Hi Patti. I am so pleased at how well the citalopram is working! I'm realistic that things can't be "perfect" when you are working with this disease, but so very happy that Jim seems so much calmer and more content. And therefore so am I!

We have always had a very affectionate relationship. Lots of hugs, hand holding, sitting close on the sofa together. And this has not changed. If anything, I would say that he is even more affectionate and wanting lots of hugs and "I love you's".

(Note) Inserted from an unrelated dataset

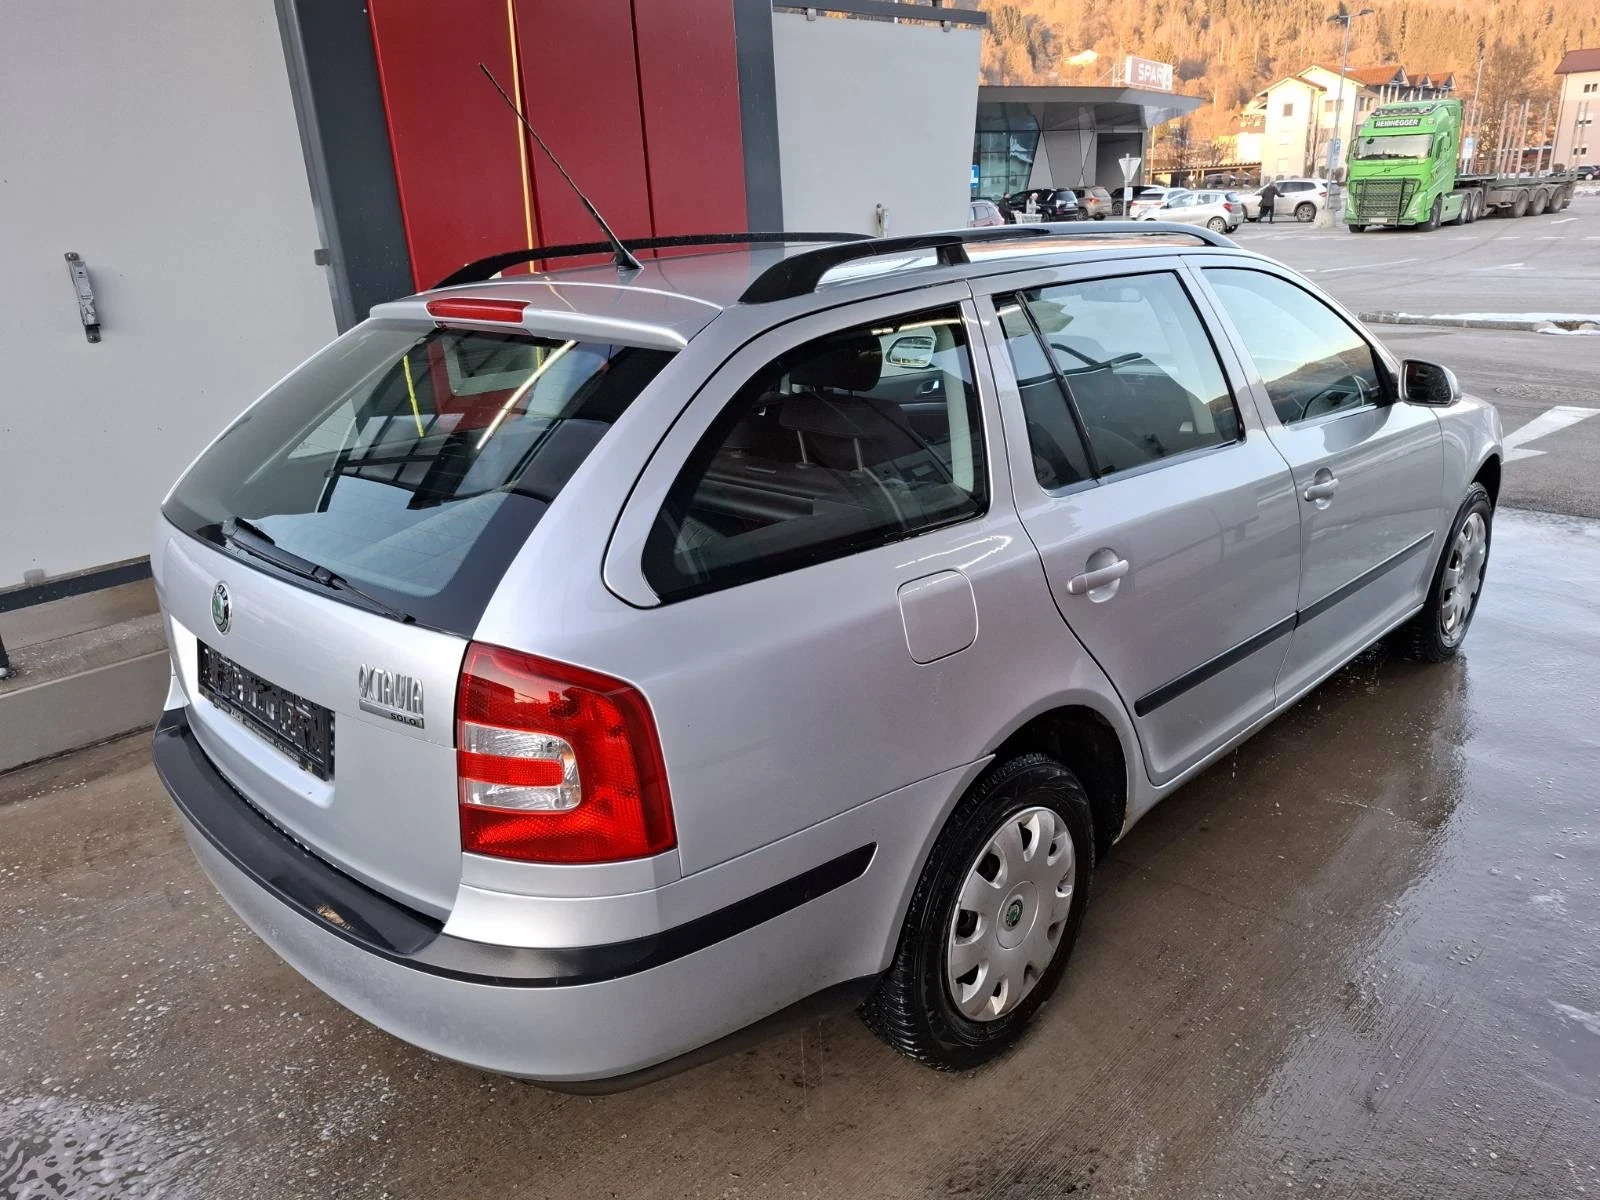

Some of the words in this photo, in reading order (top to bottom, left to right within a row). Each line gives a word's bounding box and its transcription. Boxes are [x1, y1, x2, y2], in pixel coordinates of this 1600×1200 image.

[1138, 62, 1164, 85] SPAR
[358, 663, 424, 715] OCTAVIA
[390, 712, 417, 726] SOLO

I can't imagine how hard this journey would be for someone who did not have a loving relationship to begin with. Thanks for your comment Patti.

Anonymous said...

So, it is Alzheimer's, then? Ronald Reagan was afflicted with that disease.

Carole said...

Yes Gigi, it is Alzheimer's. You are right about Ronald Reagan. Glen Campbell has it too. Unfortunately it will effect so many of us baby boomers. If not directly, then indirectly.

Dr Sock said...

My Grandma had dementia and declined slowly over two decades from the time that her confusion first manifested itself. The last time that I saw her when she was 99, she was in a wheelchair and she no longer had language. I don't believe that she knew who I was, but she was pleased to see me. She held my hand, and then, with my hand in hers, brought both our hands to her heart in a loving gesture. Having lost so much, she still felt a range of emotions. She passed away a few days after her 100th birthday.

Jude

Carole said...

Thanks for sharing this touching story Jude. It's a good reminder that even if the person doesn't recognize you, they will know they are loved. And in the end, I think that is one of the best gifts we can give someone who is struggling with dementia.

Vagabonde said...

Sorry I did not come back to your blog, but frankly I have not been reading any blog – I just try to write one post per month, mostly to stay sane. In addition to Jim’s Alzheimer I am trying to clear out our house for a move closer to our younger daughter. We have been here over 40 years. In addition both of my knees are bone on bone because I did not have an operation years ago, because of Jim, so now have to use 2 canes and can barely walk – it is not easy for the move. It was interesting to me to see the symptoms of your Jim and they are different from my Jim. He has had Alzheimer now since about 2008 or 09 and is still in stage 5. He cannot speak sentences anymore (but some days he can) and can barely understand TV (he does not know who D. Trump is.) But he is happy, sings often (in the morning) does not want to wash – I have to help him in the shower. He can stay in the yard alone, sitting on a chair looking at the birds and be happy. We can go to the restaurants but I have to order. I don’t think he knows who I am – a housekeeper I think. He does not know his name, mine, where we live, where is bedroom is, etc. He is not anxious at all and does not know he has Alzheimer. He loves going to the grocery stores and will try to speak to people. He is very stressful to me though because he breaks things (it is never him he says, but “people”) and ask the same questions constantly. He also tries to wash the dirty dishes, just with water, then he’ll placed them back wherever, greasy. He takes 2 Prozac per day and 2 Namenda for his Alzheimer (some other pills for his dormant bladder cancer.) He tried Aricept at the beginning but it gave him horrible nightmares and depression. He closes the shades often and checks the locks on doors but is not suspicious of me, but if tired he can get a bit aggressive. I thought you’d like to hear about the differences. I noticed his memory problems in 2007 so that is about 10 years now.

Carole said...

Hi Vagabonde. It is so good to hear from you! Yes, it is interesting and helpful to compare notes, and to see what the differences are. It must be so difficult for you, with your physical limitations from your bad knees. My heart goes out to you.

Hang in there. It's good that we have a safe place to share and communicate. Take care Vagabonde.